Qatar women apparently dress in variety of level of conservativeness. |
I wonder how much despair this woman is in: Clearly, she is a relatively modern woman, even in this conservative section of the Middle East, she carries herself in western attire. Does she regret that her fellow female colleagues are not culturally or politically not allowed to do the same?Does she feel her dreams about women’s freedoms in her land did not come true? Does she feel inadequate in making those dreams come true? Has she ever had any such dreams? Was her hardly controlled anger related to something unfinished inside of her? When, she heads toward the lonely journey to meet her death, how fulfilled will she feel? Does she feel her time is running out and her life is slipping away? How is this closed in way of life effecting her and her fellow region-men and women in connecting with each other? Do they feel isolated? Do they know isolation only exists in isolation, once shared it evaporates? I wonder how long of a connection with these people will be enough for me to answer all these questions…
How do they justify living under a sultan’s and his family’s rule in this day and age? It is surprising to hear that everybody I talked to tells me they have a great king, perhaps they have to say that. They tell me, he was the one, who started an educational campaign in the country, sending post-professional men and women abroad to learn higher skills to return and start programs in the country, etc… One male doctor goes even further and says,“Countries in this region need a king, look what is happening in Egypt and Syria”… Wow, as long as there is stability, even if it is a monarch or fascist (as in Saudi Arabia or Iran or in Turkey, for that matter), it doesn’t matter? What would the Saudi family do if the people of Saudi Arabia requested to go for a referendum for a fully parliamentarian system?

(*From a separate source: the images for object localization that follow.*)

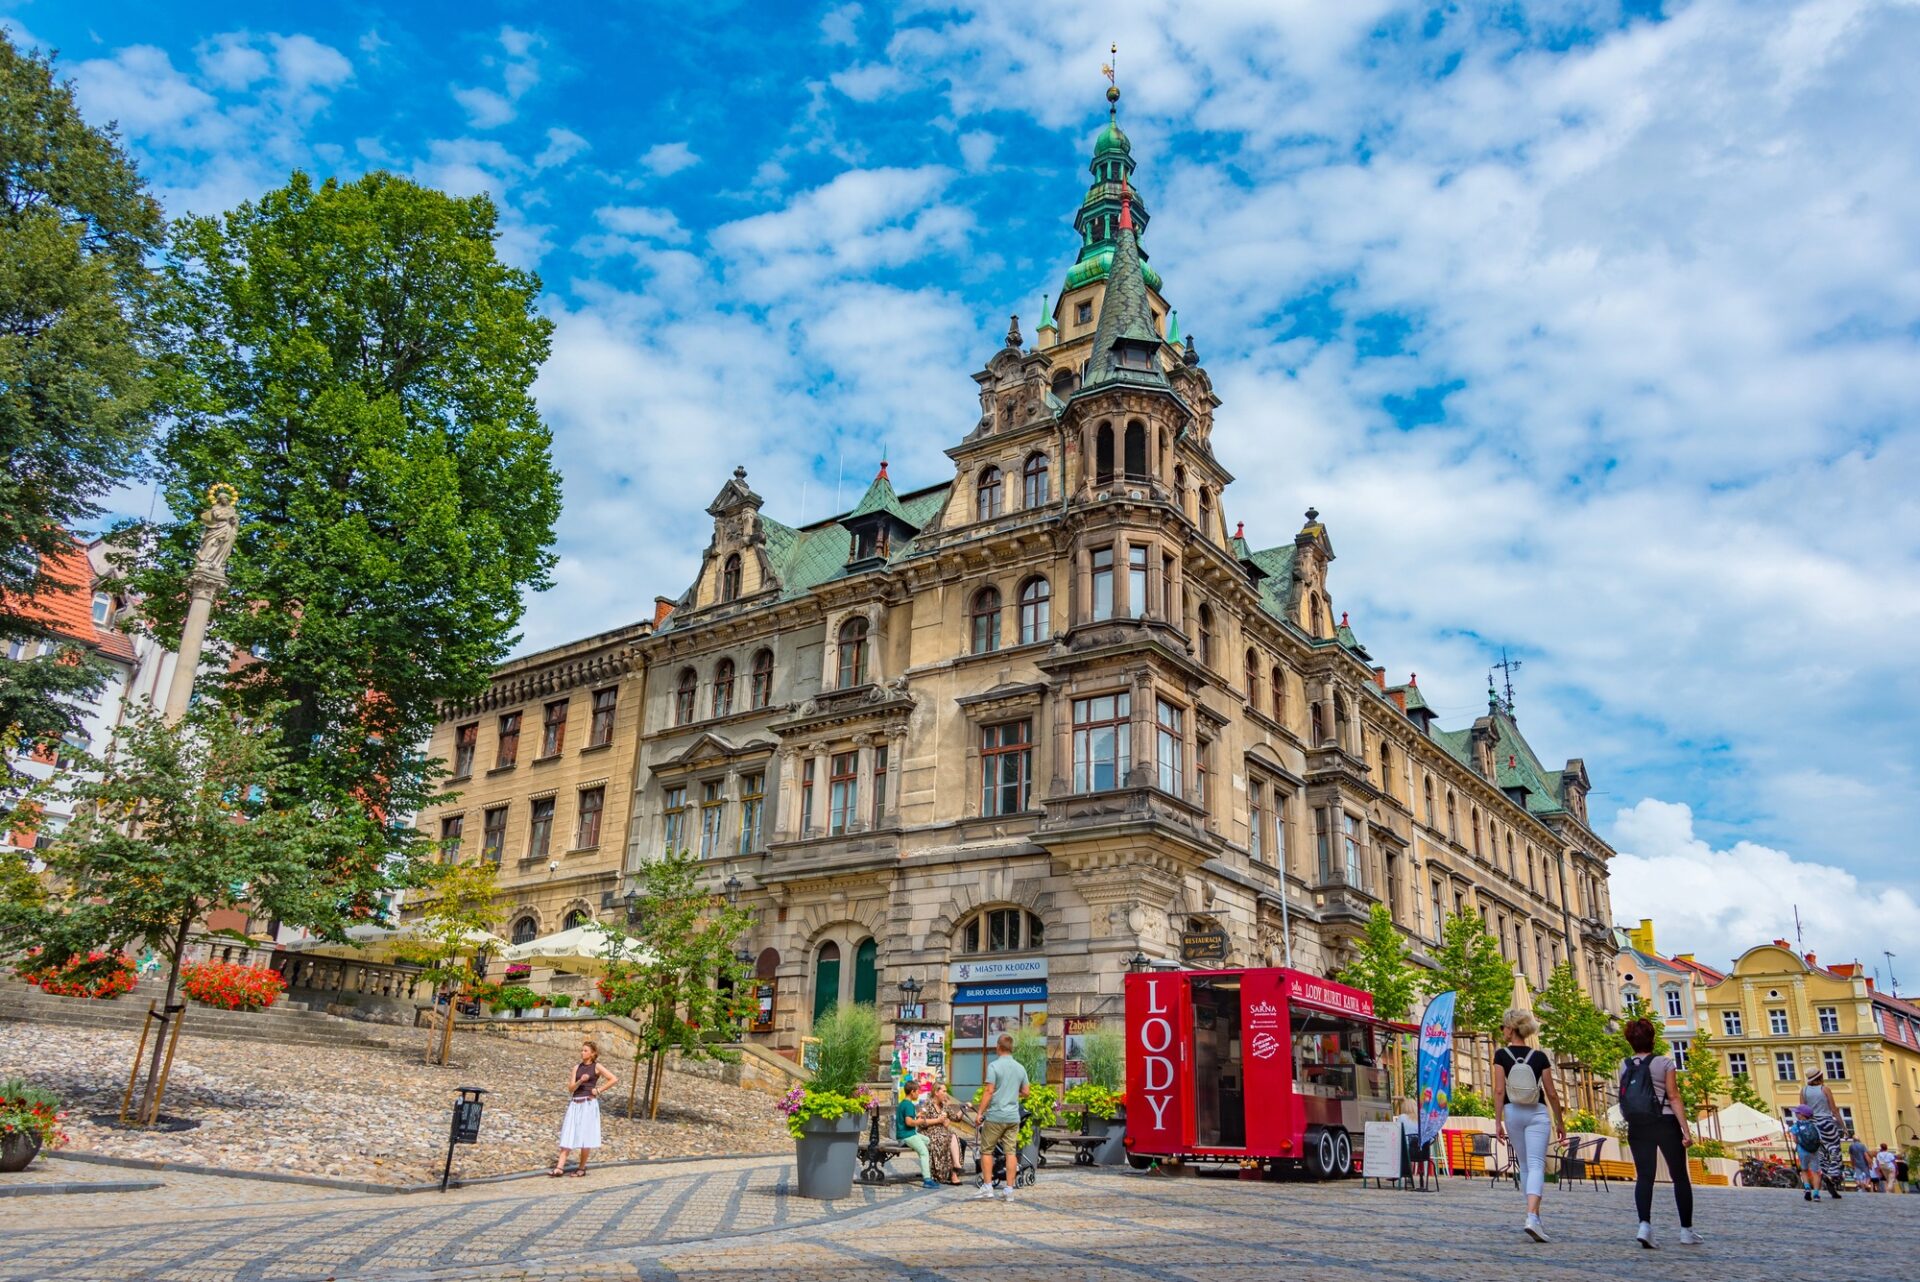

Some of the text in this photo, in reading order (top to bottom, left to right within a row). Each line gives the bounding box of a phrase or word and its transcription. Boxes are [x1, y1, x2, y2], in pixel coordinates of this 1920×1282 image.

[1184, 936, 1222, 945] RESTAURACJA
[975, 962, 1040, 973] MIASTO KŁODZKO
[966, 989, 985, 997] BIURO
[1012, 986, 1042, 995] LUDNOŚCI
[1305, 983, 1360, 1012] LODY RURKI KAWA
[1250, 1004, 1277, 1014] SARNA
[1068, 1020, 1097, 1033] Zabytki
[1141, 980, 1174, 1130] LODY
[1747, 1134, 1770, 1145] TYSKIE

Despite seeming economic stability in Turkey, women, Turkish or Kurdish are still fighting for their rights and against violence against women. |
As I read Yalom, he recommends people to see the value of regret. “If you turn your gaze toward the past, you experience regret for all that you have not fulfilled. If you turn your gaze toward the future, you experience the possibility of either amassing more regrets or living in a way to change your trajectory toward freedom from regrets.” Can the people of this region take action to change their lifestyles, toward one that will allow them no more regrets? Or are they going to find themselves always in a position to defend what they have even when they believe deep in their hearts that they deserve better as intelligent beings? My heart goes to them even in their defensiveness…

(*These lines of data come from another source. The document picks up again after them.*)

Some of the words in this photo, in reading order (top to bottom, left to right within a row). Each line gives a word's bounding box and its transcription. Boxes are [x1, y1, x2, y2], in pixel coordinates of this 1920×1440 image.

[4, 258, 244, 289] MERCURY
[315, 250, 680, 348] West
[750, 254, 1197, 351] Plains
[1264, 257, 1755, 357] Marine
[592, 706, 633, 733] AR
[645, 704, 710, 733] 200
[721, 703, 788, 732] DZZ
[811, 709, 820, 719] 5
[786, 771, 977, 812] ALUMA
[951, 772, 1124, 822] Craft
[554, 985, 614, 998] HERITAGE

New co-ed univeristy in Jiddah allowing women to get dressed as they please. |
The female department chair argues “ I can walk like this in Jiddah” while omitting to tell me that as soon as getting off the plane in Riyadh, every woman, Arab or not has to wear an abaya, one piece black cloth that converts women into identity-free triangles, no name, no face, no hands, no feet, just two eyes perhaps, or not even that. No questioning of why that is, just accepting what is available. I am sensing more and more that people are loaded with guilt, too, for not being able to change things for women. When issues they are sensitive to come to discussion, they become slightly defensive for what they can’t change. This defensiveness in and of itself is an indication of awakening. I wish, instead of distracting themselves by defensiveness, they could savor their awakening, and take advantage of it to awaken others. However, who knows what kind of political circumstances they are in. Could their safety be at risk if they uttered critical statements toward their sultan, their government, etc? Who knows… I must be understanding, empathic, and careful about that both for their sake and for mine.

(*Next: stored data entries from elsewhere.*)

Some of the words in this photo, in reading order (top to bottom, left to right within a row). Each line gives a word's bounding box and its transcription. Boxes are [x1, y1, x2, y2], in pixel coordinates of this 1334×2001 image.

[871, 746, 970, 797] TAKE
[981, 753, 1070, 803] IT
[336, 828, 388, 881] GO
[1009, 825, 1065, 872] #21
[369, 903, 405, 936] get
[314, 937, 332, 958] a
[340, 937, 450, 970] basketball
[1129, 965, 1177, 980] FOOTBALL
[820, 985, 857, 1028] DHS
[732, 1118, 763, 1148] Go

Dress code for ladies even for elementary school girls in Riyadh |
It is disturbing, too, though since these observations bring lots of flashbacks from Turkey for me. Turkey has been in the grips of radical Islamists’ for the last 12-13 years. Yes, the AKP, ruling party, put up all public enterprises for sale and fed likeminded capitalists with the free flowing cash, and created and Islamic capitalist group. In addition, he distributed some of this new-found cash to the poorest in the form of payment for their votes. Thus, both the upper class and lower class have been supporting AKP: This process proved that as long as economy is stable, masses of ignorant people don’t care about democracy. When true intellectuals and democrats scream out loud on where the current rule in Turkey is taking us to, which might be Islamic fascism, nobody cares. My mind is full of questions drawing parallels between what is happening in Turkey and what is in the Gulf countries… We will see how things will unfold with my follow up trips…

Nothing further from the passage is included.